Data extracts below:
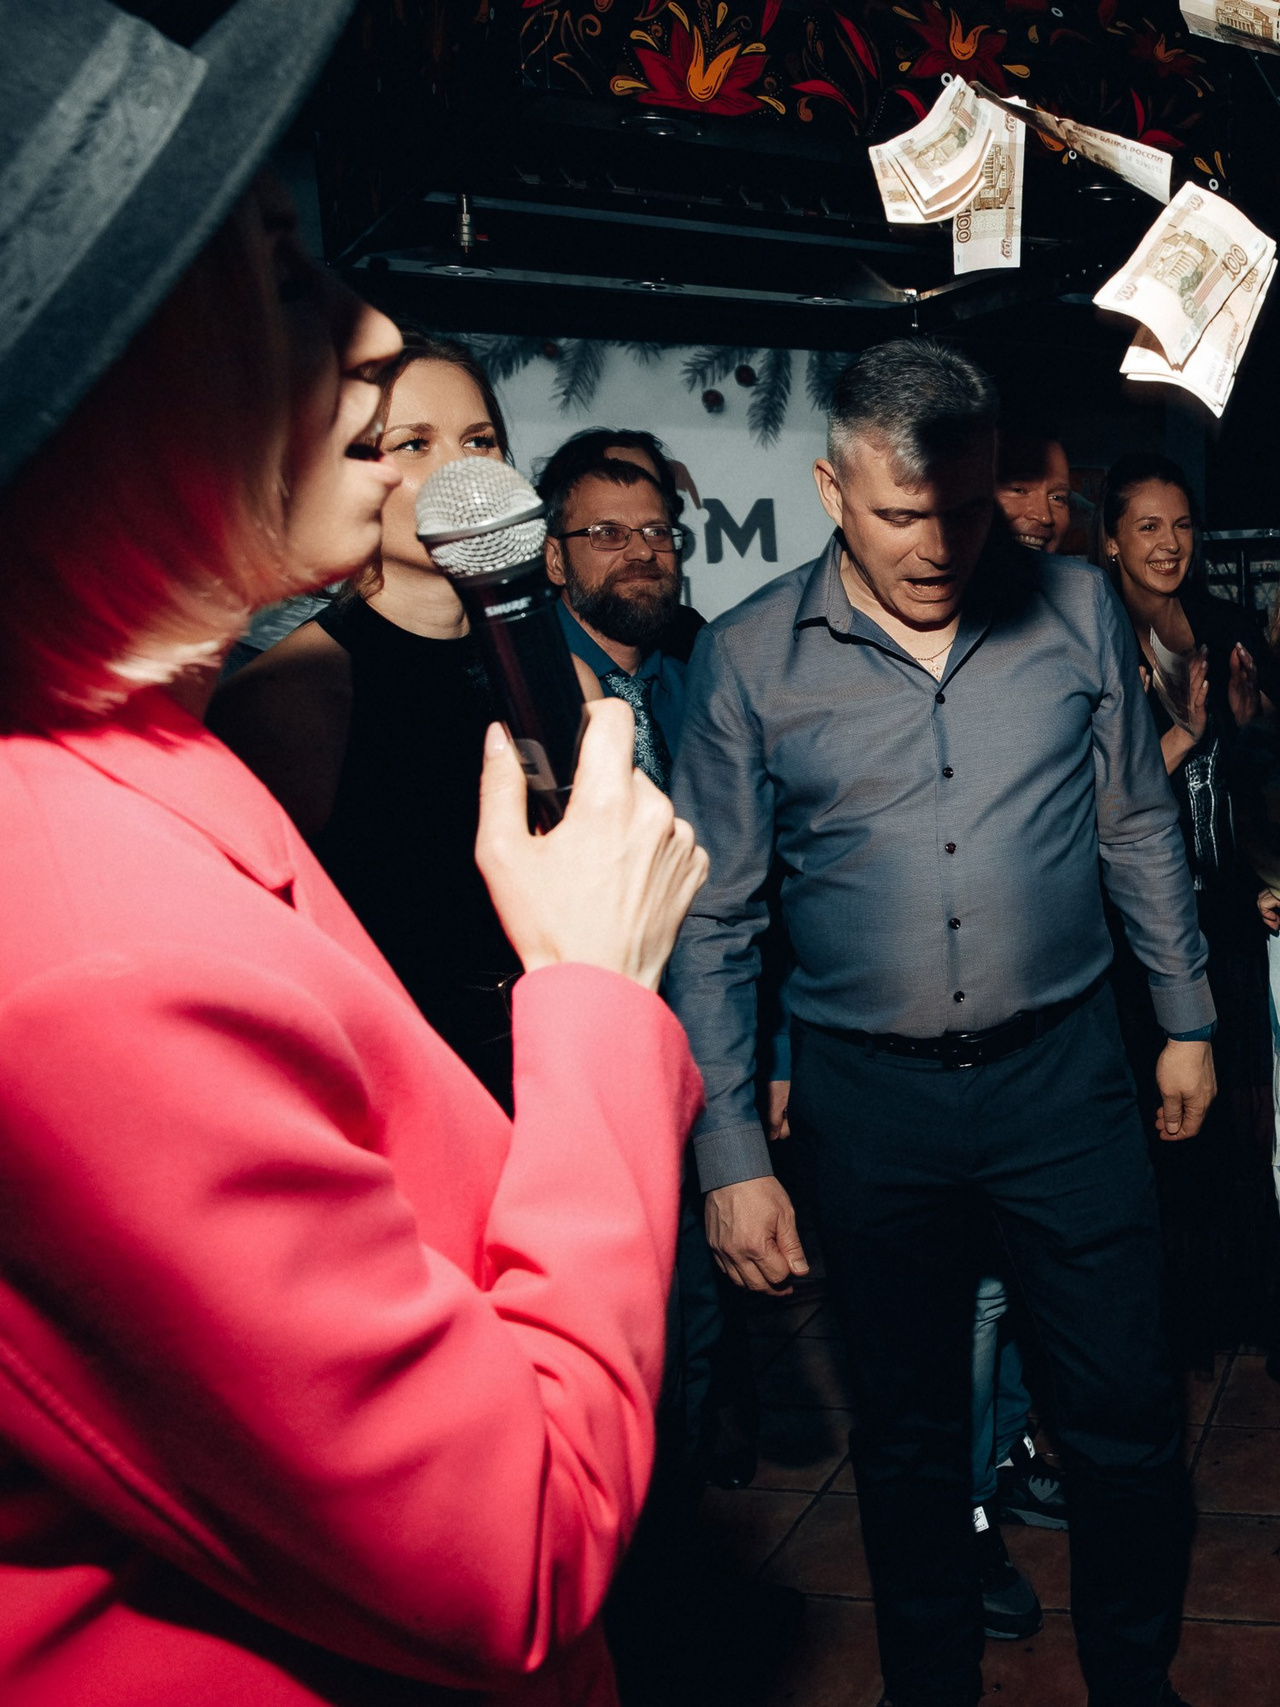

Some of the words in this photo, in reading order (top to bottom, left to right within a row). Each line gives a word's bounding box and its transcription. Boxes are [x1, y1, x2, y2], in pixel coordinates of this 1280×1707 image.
End of Data extracts.
Data extracts below:
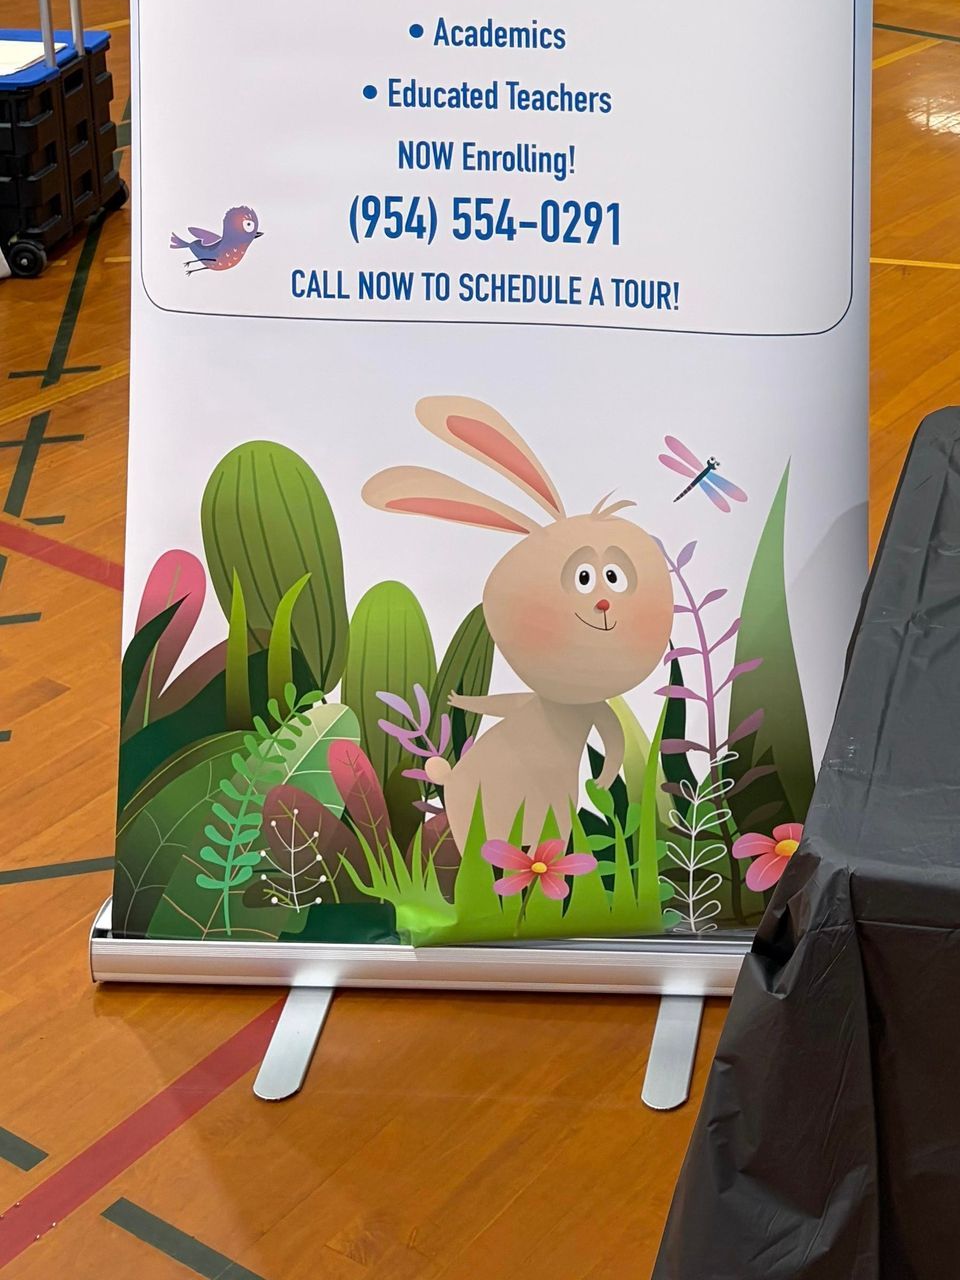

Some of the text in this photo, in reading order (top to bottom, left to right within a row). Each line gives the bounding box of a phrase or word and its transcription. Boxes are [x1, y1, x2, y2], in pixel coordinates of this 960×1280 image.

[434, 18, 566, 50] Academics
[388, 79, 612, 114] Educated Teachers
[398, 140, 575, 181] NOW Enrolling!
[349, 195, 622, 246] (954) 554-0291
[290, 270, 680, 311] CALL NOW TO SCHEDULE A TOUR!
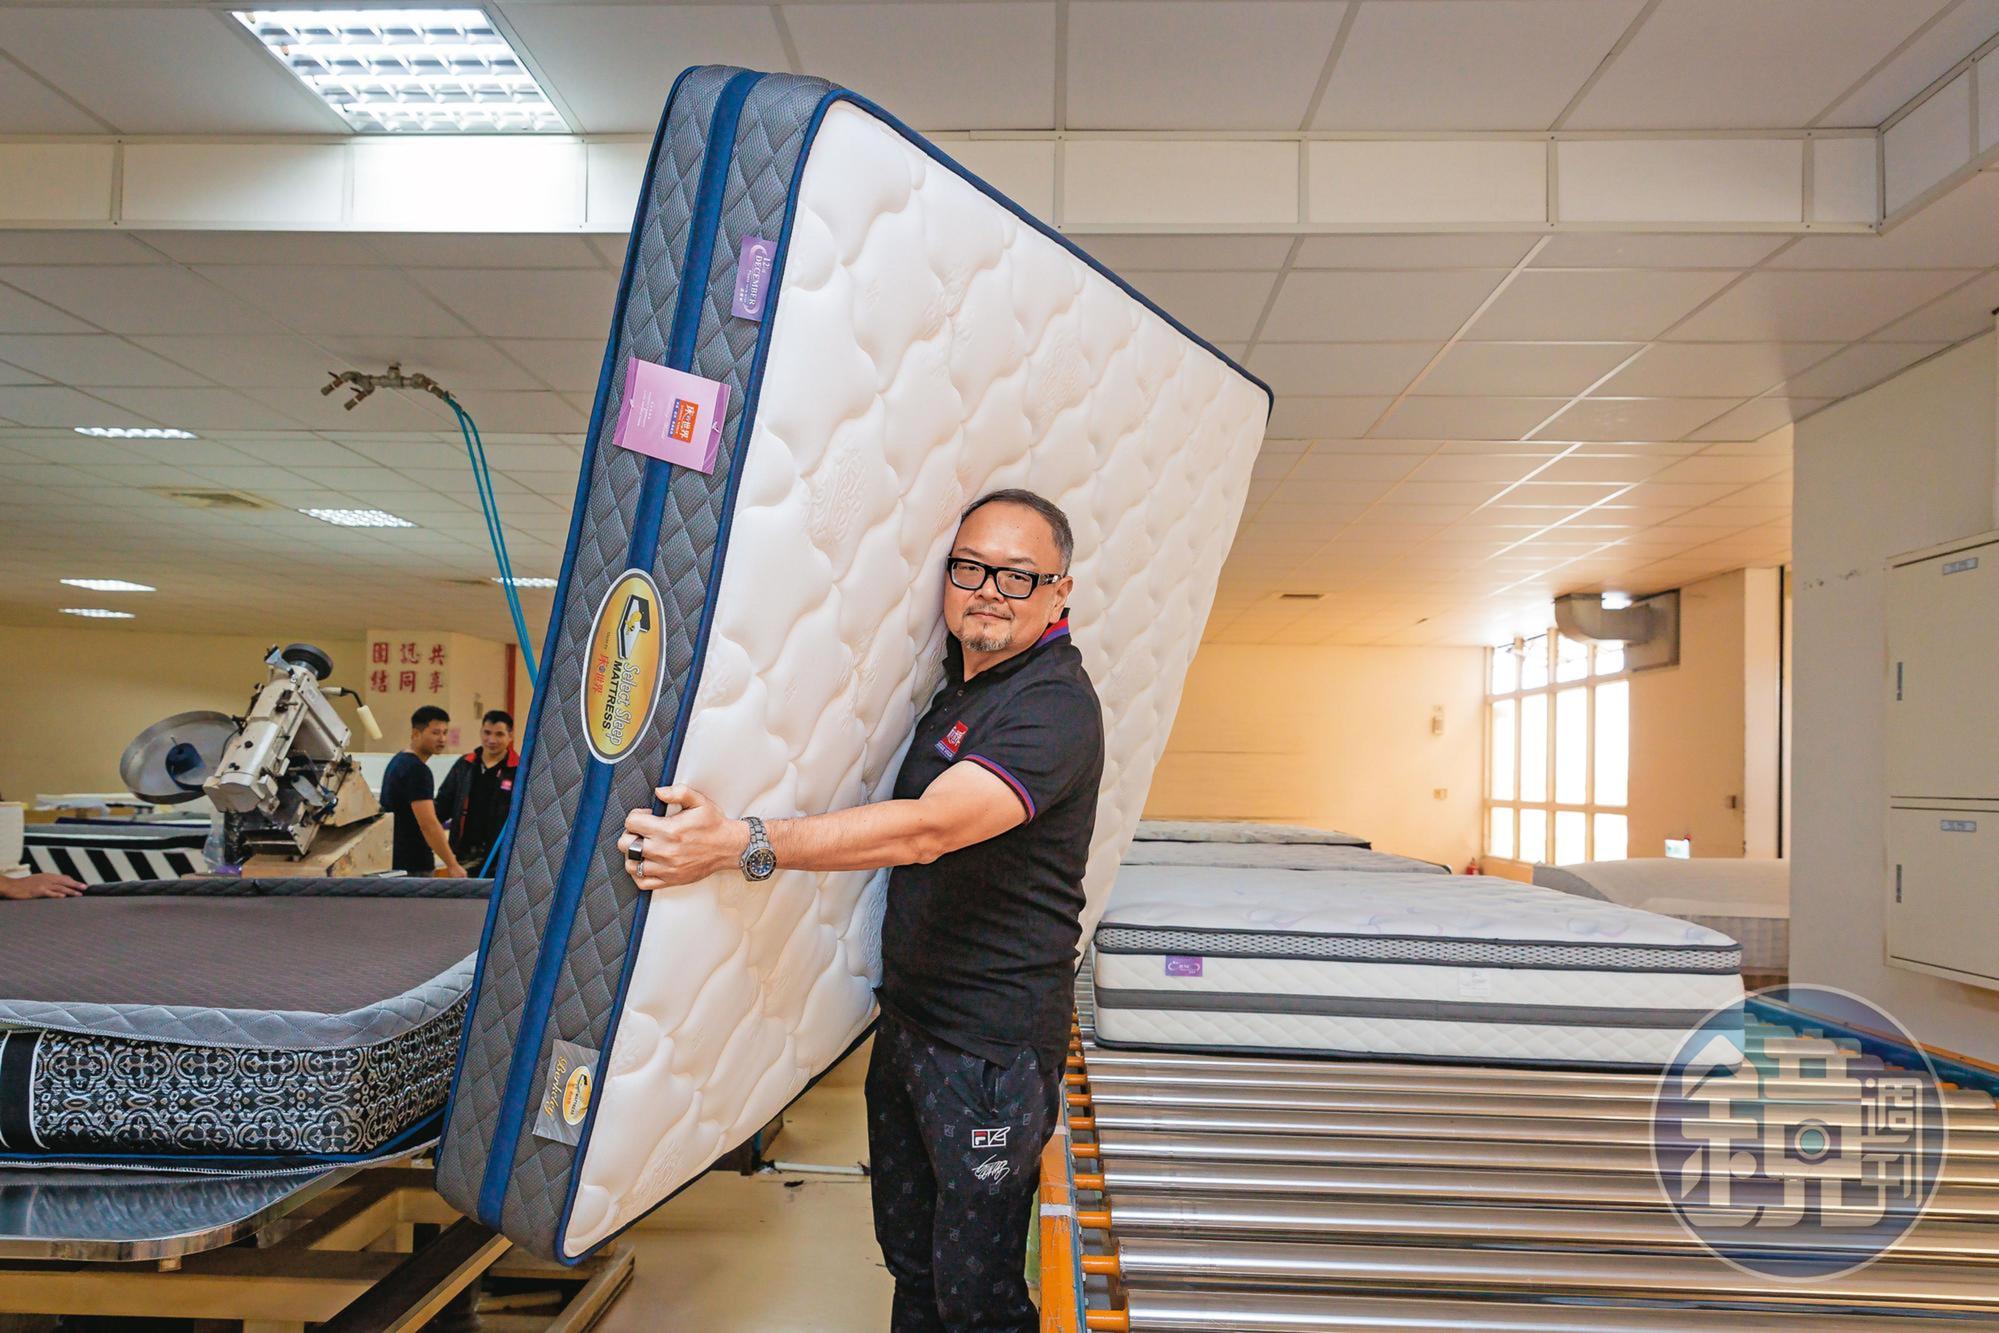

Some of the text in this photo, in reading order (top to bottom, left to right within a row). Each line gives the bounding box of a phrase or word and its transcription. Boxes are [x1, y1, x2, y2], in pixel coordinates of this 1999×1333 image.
End of Data extracts.
- Prompt
Write back the stretch of lines above that begins with the line holding "this 960×1280 image." and ends with the line holding "this 1999×1333 image.", both included, exactly as written. Pictures stay out.

- Solution
Some of the text in this photo, in reading order (top to bottom, left to right within a row). Each line gives the bounding box of a phrase or word and its transcription. Boxes are [x1, y1, x2, y2], in pixel coordinates of this 960×1280 image.

[434, 18, 566, 50] Academics
[388, 79, 612, 114] Educated Teachers
[398, 140, 575, 181] NOW Enrolling!
[349, 195, 622, 246] (954) 554-0291
[290, 270, 680, 311] CALL NOW TO SCHEDULE A TOUR!

Some of the text in this photo, in reading order (top to bottom, left to right within a row). Each line gives the bounding box of a phrase or word and its transcription. Boxes are [x1, y1, x2, y2], in pixel coordinates of this 1999×1333 image.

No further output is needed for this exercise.